Which does not impress me favorably, now that you mention it.
For one, depending on one's desire to cooperate with the text, the claim is either false or true only by taking a jumbo-sized artistical stretch. "Smoke" is by no means an accurate description of Earth's composition. It might be an useful descriptor to invoke an understanding of disperse stellar matter in the proper contexts, I suppose. Or perhaps of the subatomic nature of matter, with so much empty space. Maybe Muhammad simply noticed that since matter density varies so much it must have a variable amount of free room in its microscopic nature. Maybe he just liked the sound of saying it. Who knows?

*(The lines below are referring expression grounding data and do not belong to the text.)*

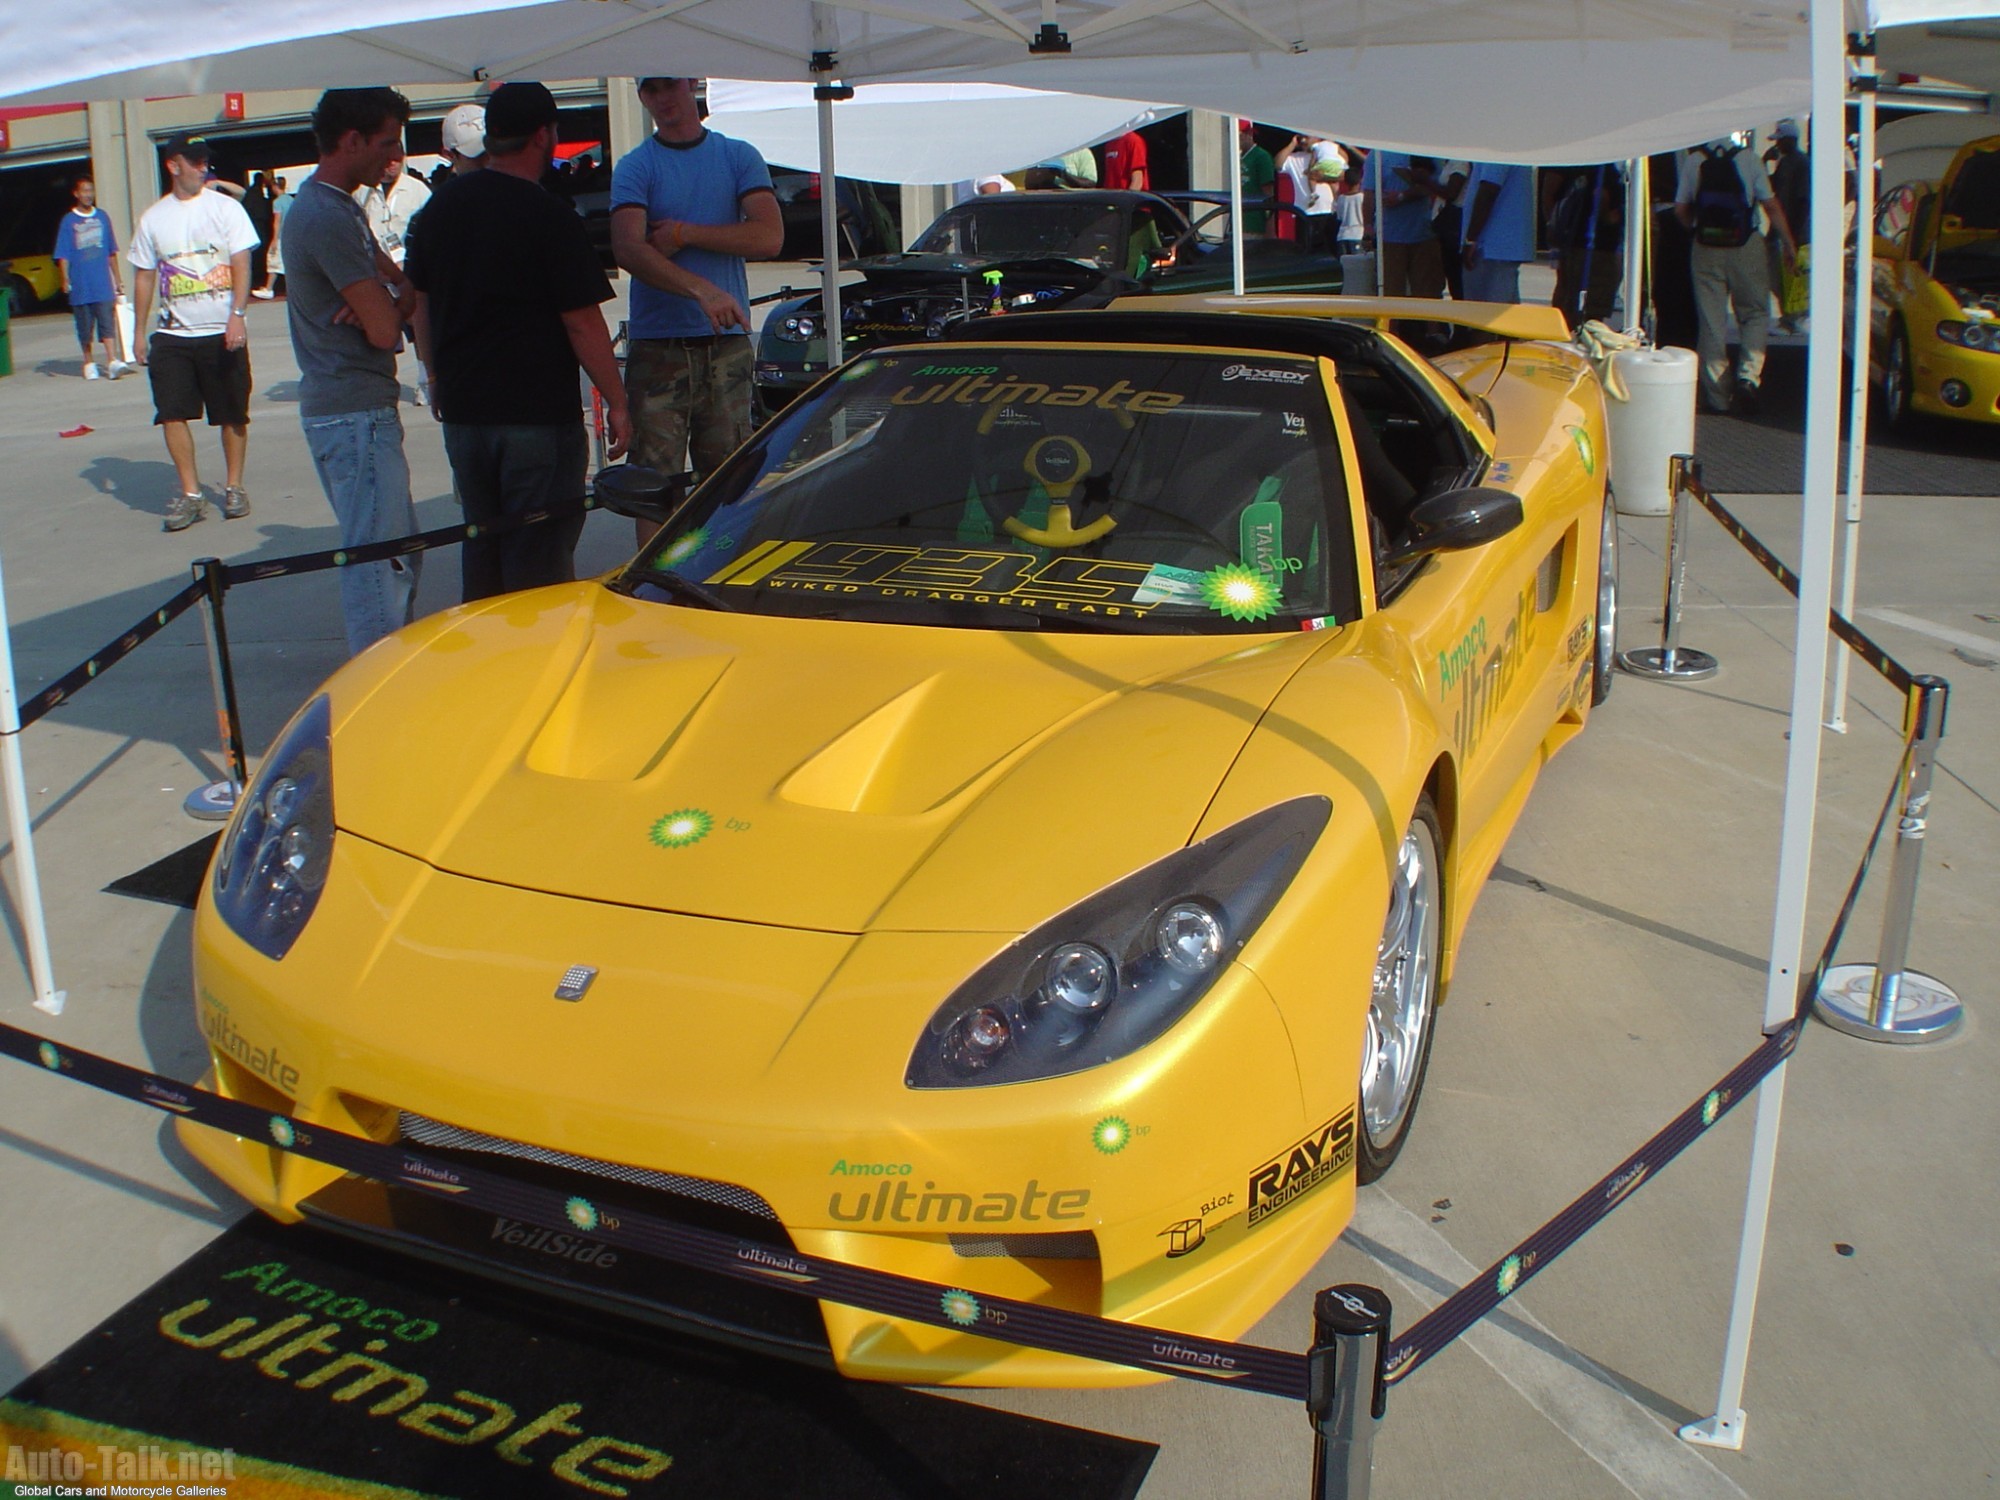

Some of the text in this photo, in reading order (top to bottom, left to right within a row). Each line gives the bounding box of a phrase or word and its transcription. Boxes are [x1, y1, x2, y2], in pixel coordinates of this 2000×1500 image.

[911, 365, 999, 376] Amoco
[1239, 368, 1310, 380] EXEDY
[890, 375, 1184, 414] ultimate
[1268, 555, 1303, 574] bp
[770, 580, 1148, 619] WIKED DRAGGER EAST
[1439, 615, 1487, 703] Amoco
[725, 816, 751, 832] bp
[203, 1011, 300, 1095] ultimate
[1135, 1124, 1151, 1137] bp
[829, 1159, 912, 1176] Amoco
[1249, 1108, 1354, 1206] RAYS
[404, 1161, 460, 1184] ultimate
[1248, 1144, 1354, 1223] ENGINEERING
[828, 1179, 1092, 1223] ultimate
[600, 1211, 620, 1229] bp
[491, 1217, 618, 1269] VeilSide
[738, 1248, 808, 1273] ultimate
[221, 1261, 440, 1343] Amoco
[985, 1305, 1008, 1324] bp
[1152, 1343, 1236, 1369] ultimate
[158, 1298, 673, 1497] ultimate
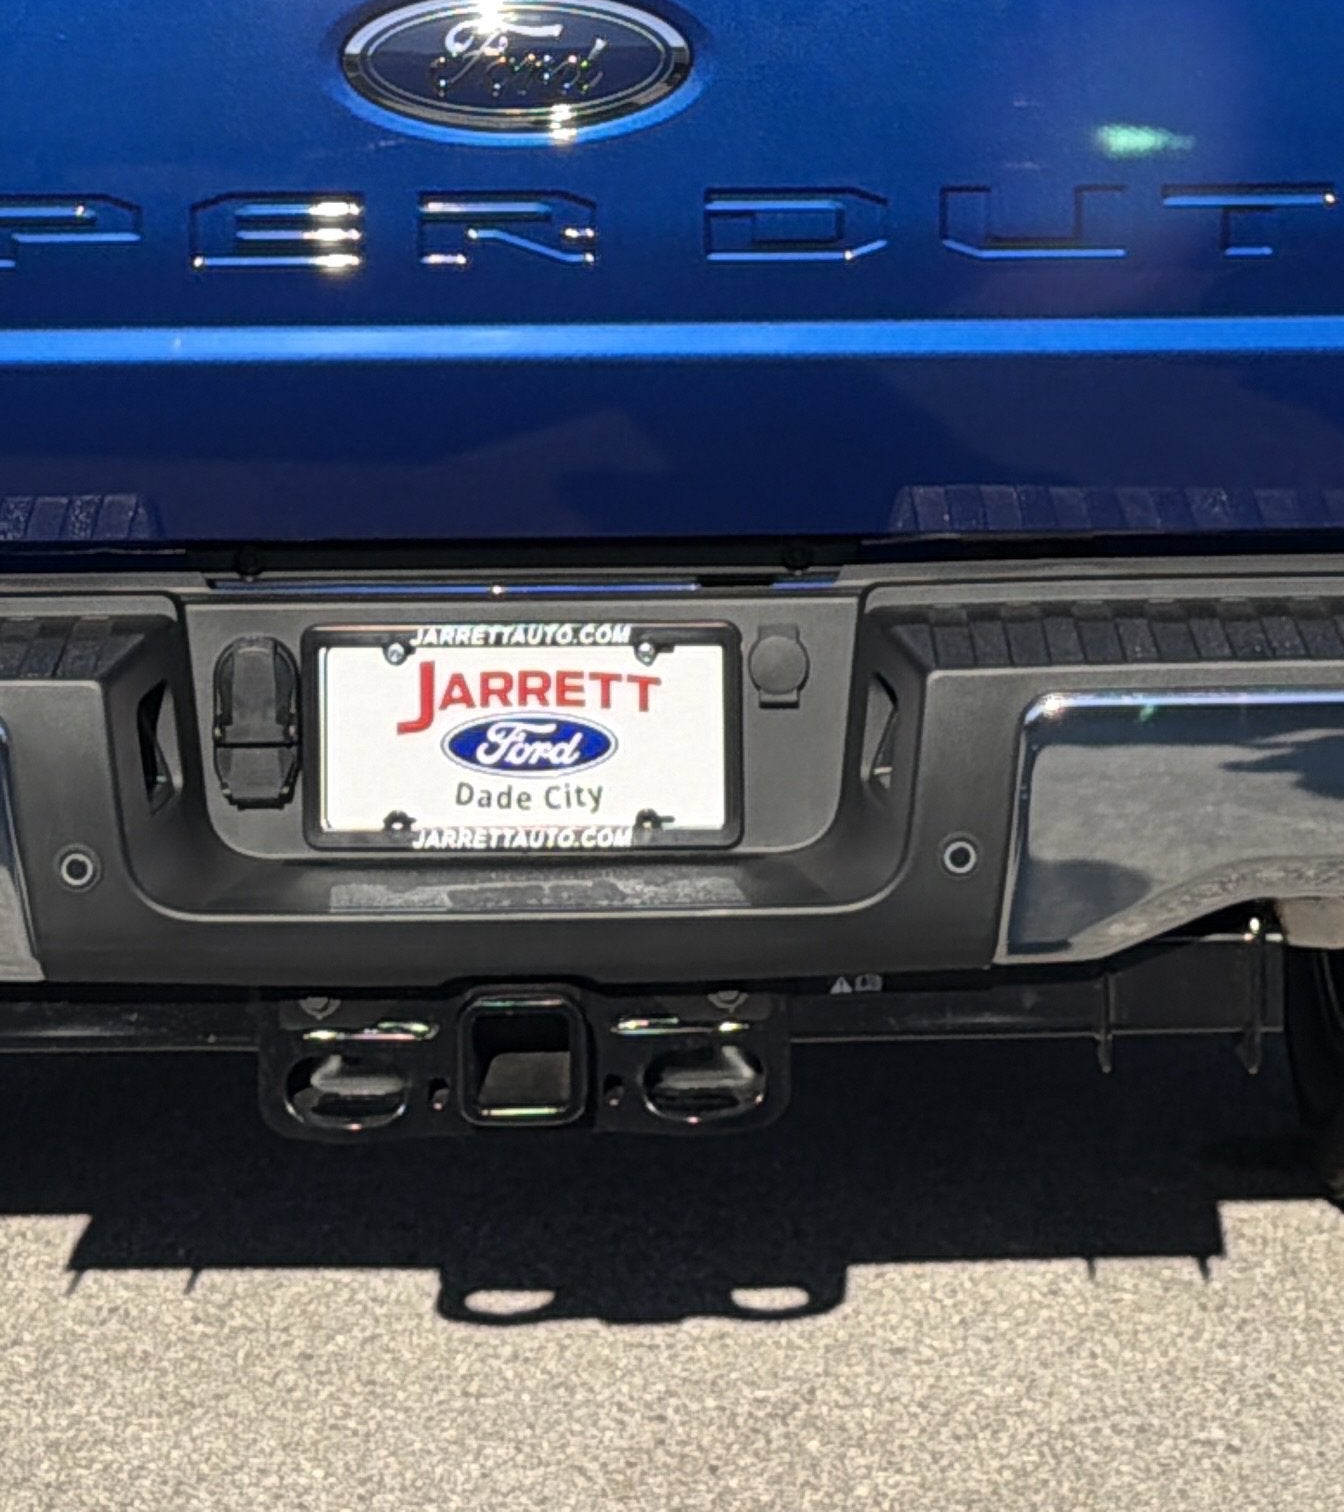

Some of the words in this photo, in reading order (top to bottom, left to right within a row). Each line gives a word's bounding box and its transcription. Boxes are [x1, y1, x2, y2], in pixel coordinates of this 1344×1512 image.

[430, 13, 609, 97] Ford
[410, 624, 632, 647] JARRETTAUTO.COM
[396, 660, 662, 735] JARRETT
[476, 720, 582, 767] Ford
[455, 782, 532, 810] Dade
[545, 783, 603, 813] City
[411, 827, 633, 850] JARRETTAUTO.COM
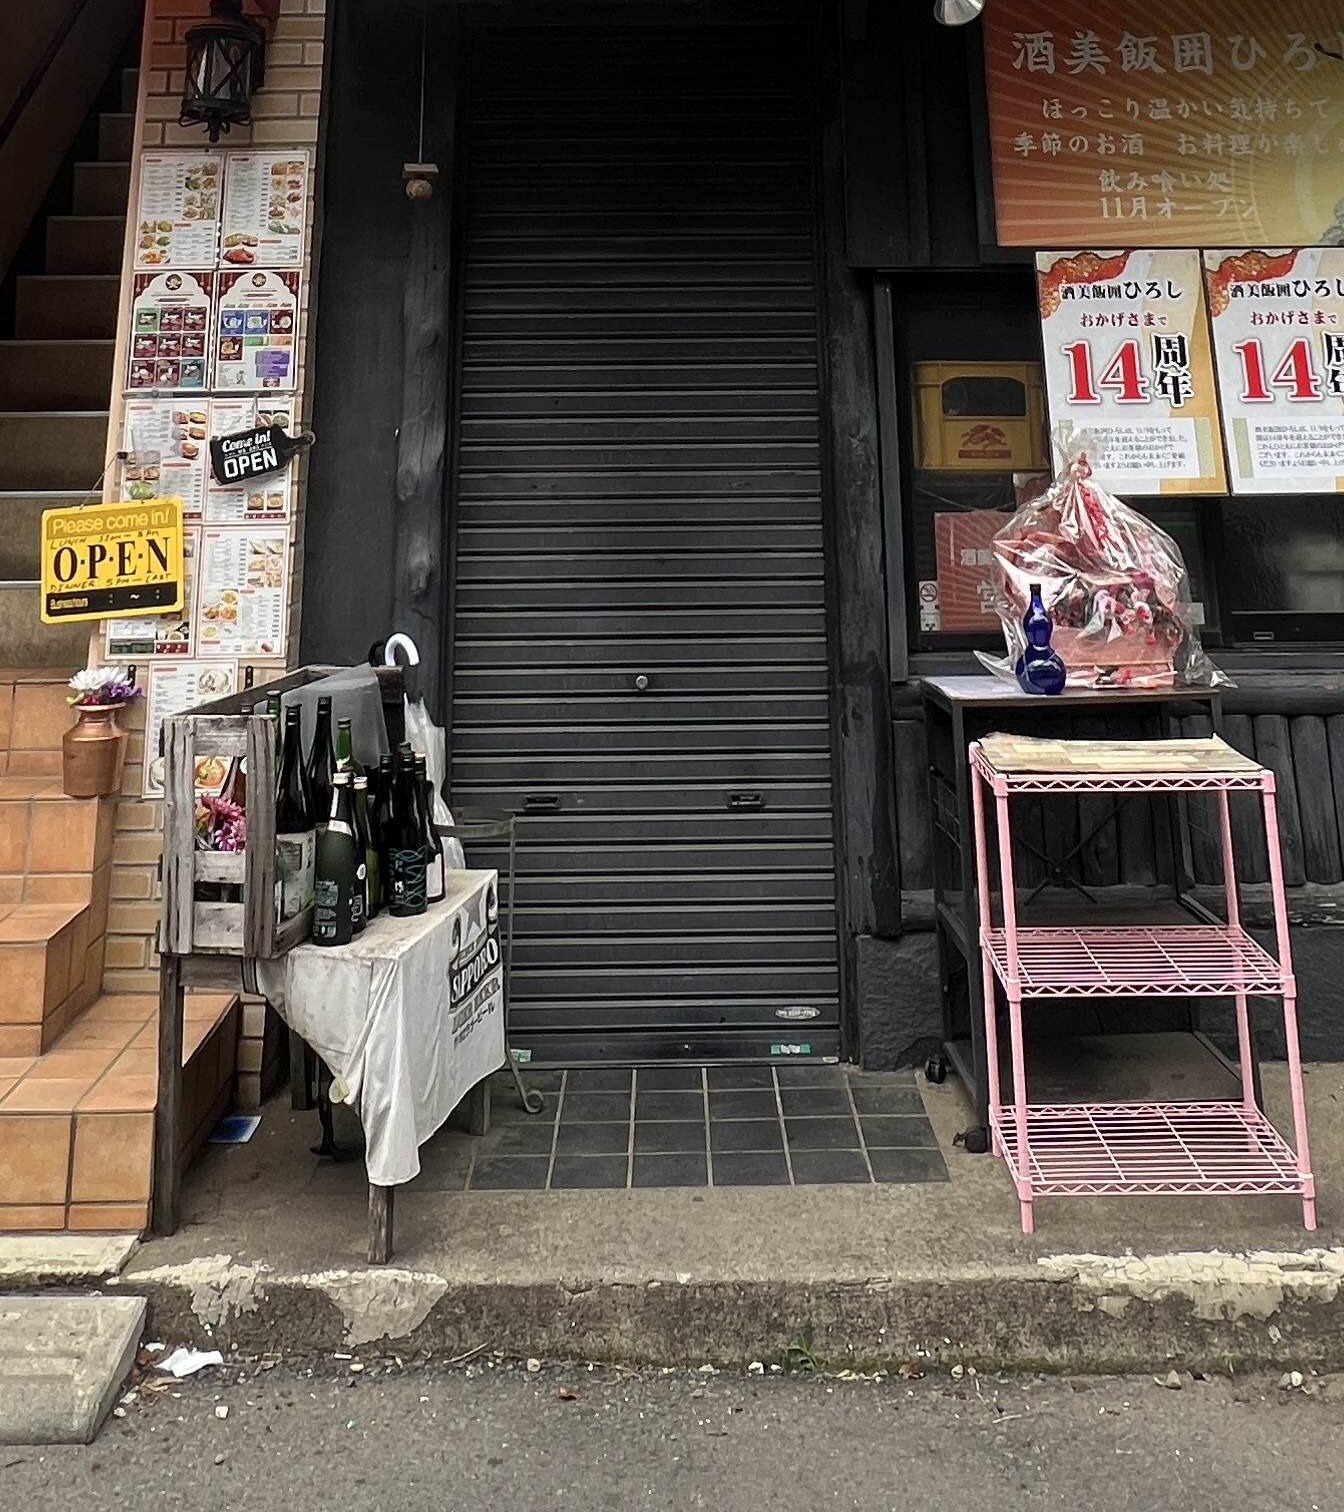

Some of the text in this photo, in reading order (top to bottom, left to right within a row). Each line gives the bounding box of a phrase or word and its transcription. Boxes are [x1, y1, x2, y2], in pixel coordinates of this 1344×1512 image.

[1013, 132, 1144, 157] 季節のお酒
[1099, 169, 1233, 193] 飲み喰い処
[1099, 197, 1258, 220] 11月オープン
[1080, 312, 1167, 327] おかげさまで
[1250, 310, 1337, 325] おかげさまで
[222, 438, 253, 453] Come
[254, 430, 271, 444] in!
[224, 448, 278, 478] OPEN
[53, 508, 170, 535] Please come in!
[451, 938, 498, 1003] SPPORO

He might have described Earth as a network, as a stone, as a ball, or as a fruit. Each comparison would have had its own merits and been true by its own perspective, often without quite so much need for artistic license. Even an entirely unworkable descriptor would simply be glossed over amidst so much ornate language, waiting patiently for the hypothetical day when someone finds some rough correspondence to it in other fields of knowledge.
As evidence for truth of the text goes, that just does not work at all.
Also, how do you even know that people of the time were lacking in physical or cosmological knowledge to the point of being unable of making such a comparison? You almost seem to believe that the Qur'an is not only a religious scripture, but a veritable cornucopia of previously unsuspected scientific knowledge. Which it plainly
wasn't, since so many of those supposed prophecies took so long to be "confirmed" - and even then only by using copious amounts of poetic license. It is plenty obvious that the people of the time did not particularly benefit on their scientific knowledge from the Qur'an, mainly because there is so little actual science to be found in it. Even today it is far from clear what that comparison was supposed to mean, which shows how little actual information it provides.
As a matter of fact, I am unaware of a single actual scientific innovation that was revealed by the Qur'an. It is entirely possible that there were some, or at least some items of practical advice that is now scientifically sound. But I would not count a claim that the Earth is made of smoke among them.